§ INSTRUCTIONS FOR THE TASK: Write out the records word for word, with no pictures.

***** RECORDS FOR THE TASK

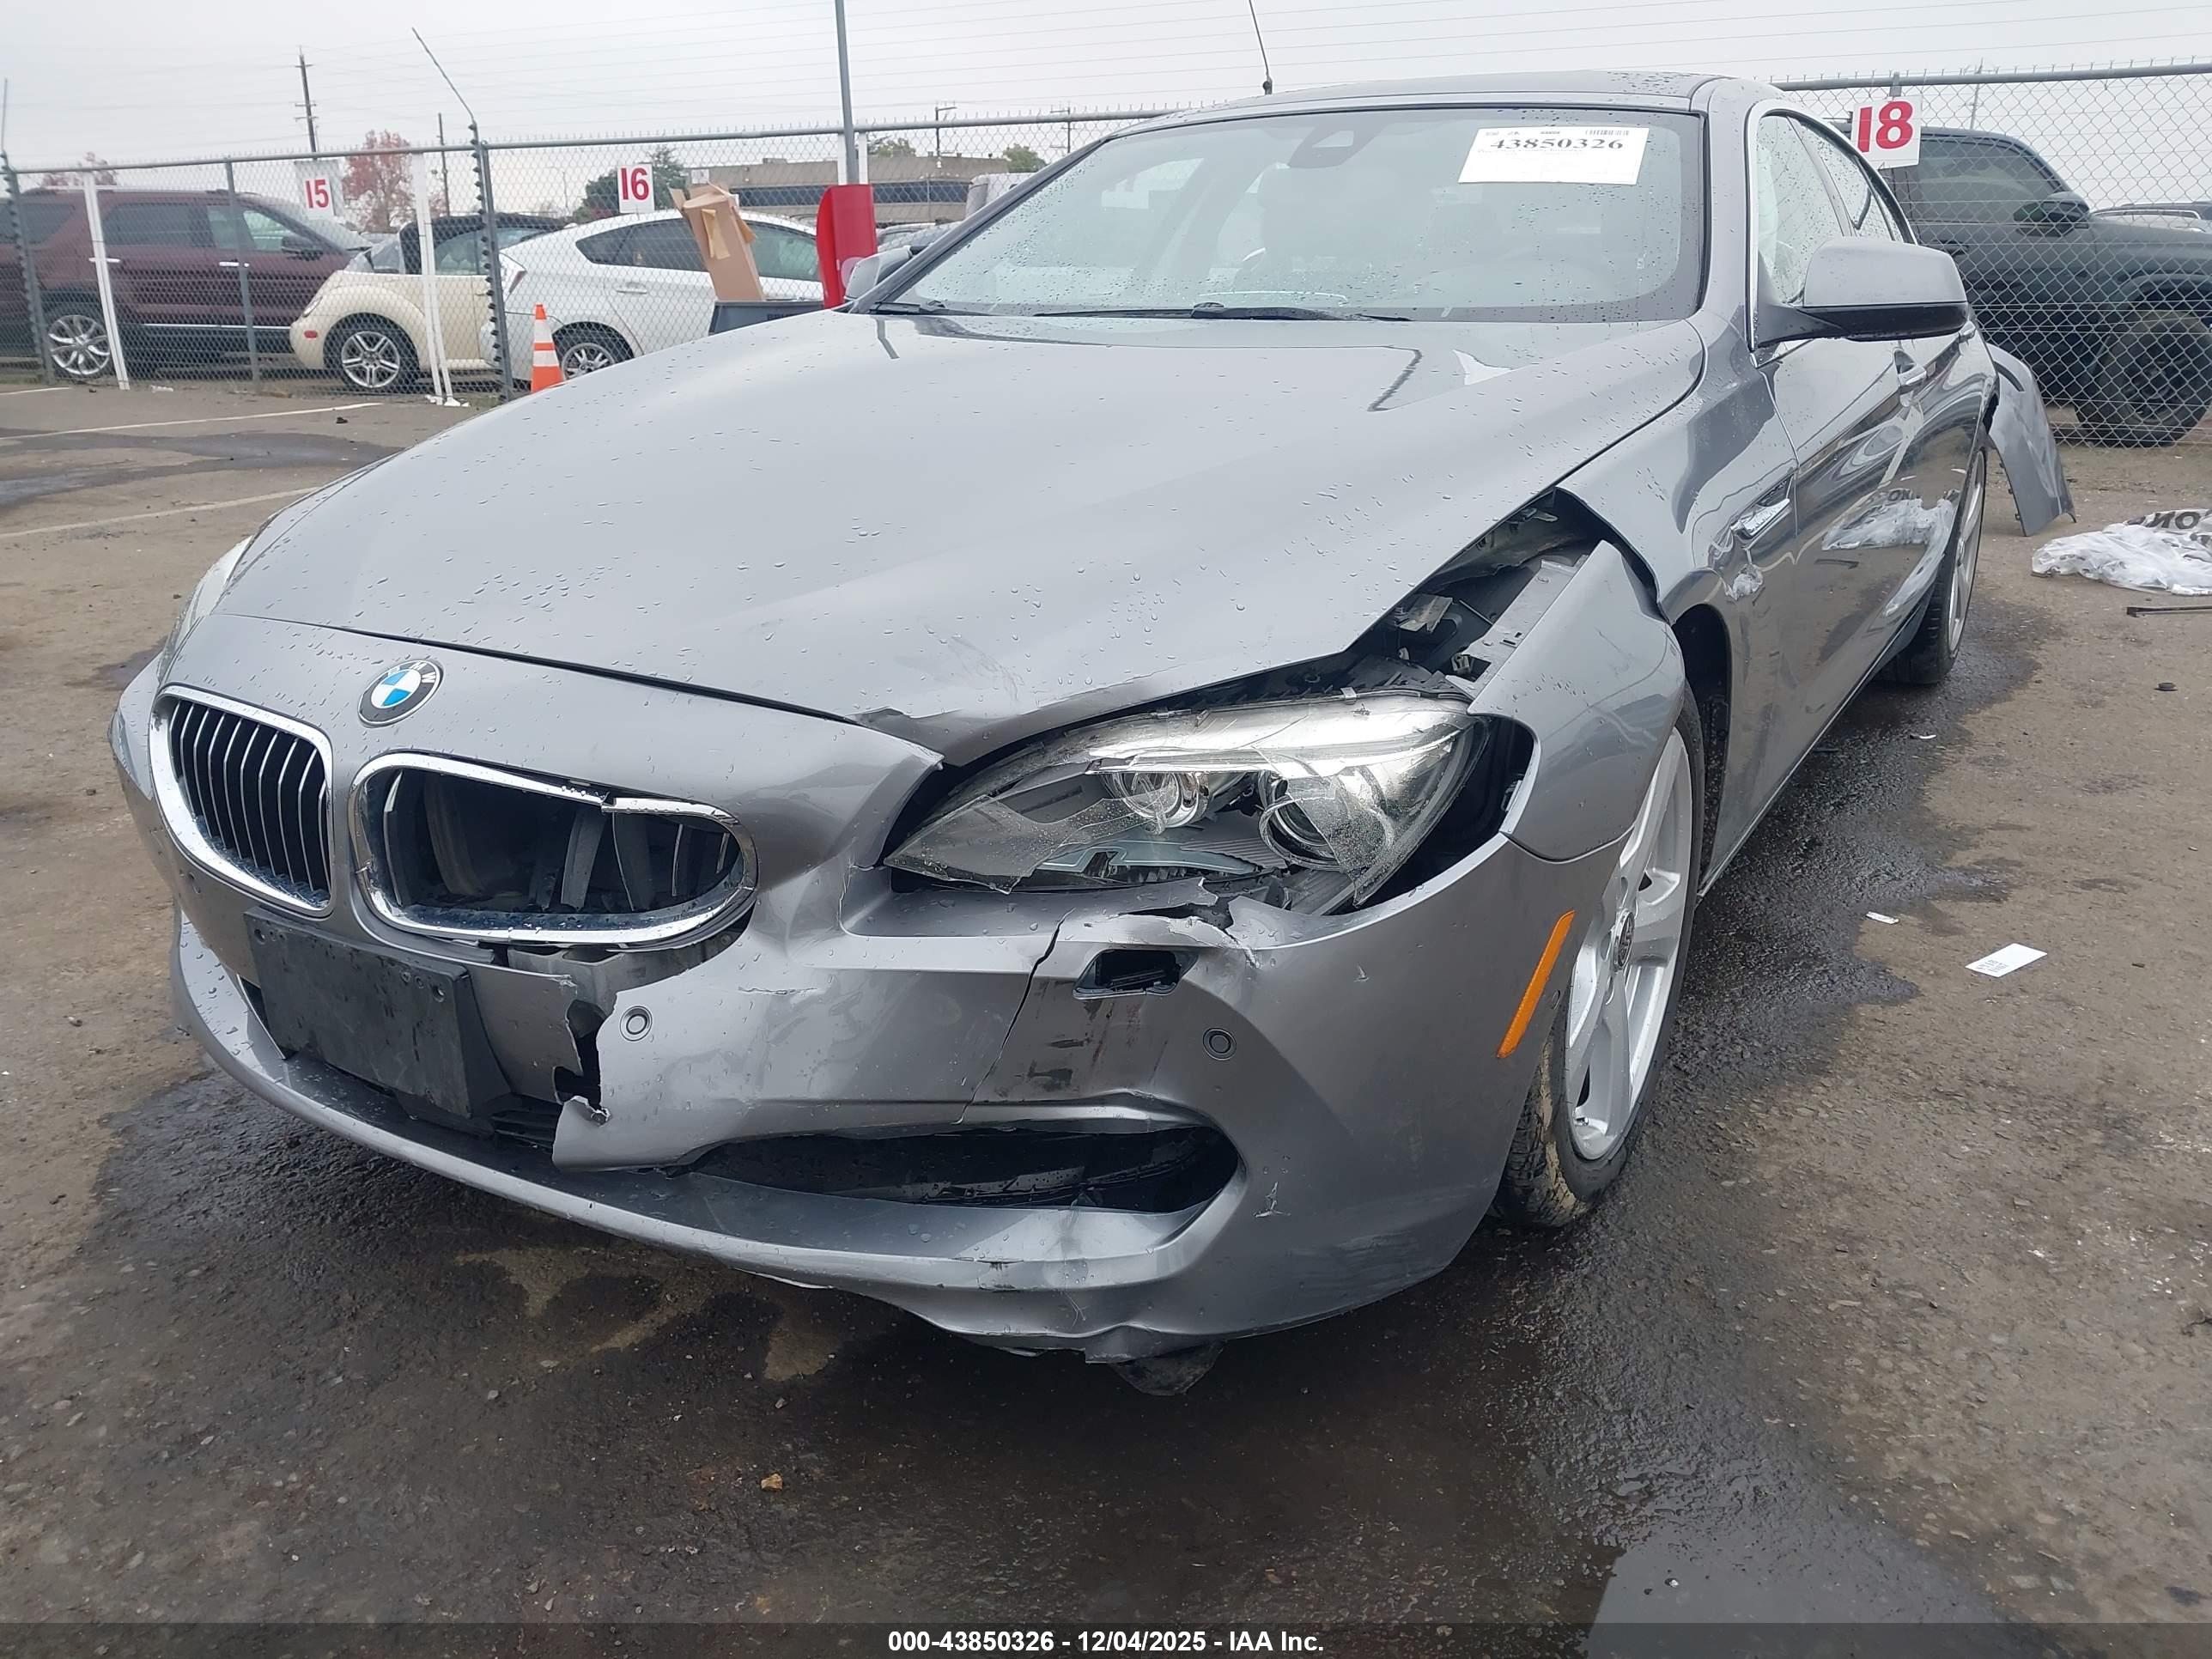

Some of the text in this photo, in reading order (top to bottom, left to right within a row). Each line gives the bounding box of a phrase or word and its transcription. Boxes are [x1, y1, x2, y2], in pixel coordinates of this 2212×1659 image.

[1857, 100, 1913, 153] 18
[1490, 138, 1624, 150] 43850326
[305, 179, 329, 208] 15
[621, 167, 649, 200] 16

**********

§ SOLUTION TO THIS EXERCISE:
Some of the text in this photo, in reading order (top to bottom, left to right within a row). Each line gives the bounding box of a phrase or word and its transcription. Boxes are [x1, y1, x2, y2], in pixel coordinates of this 2212×1659 image.

[1857, 100, 1913, 153] 18
[1490, 138, 1624, 150] 43850326
[305, 179, 329, 208] 15
[621, 167, 649, 200] 16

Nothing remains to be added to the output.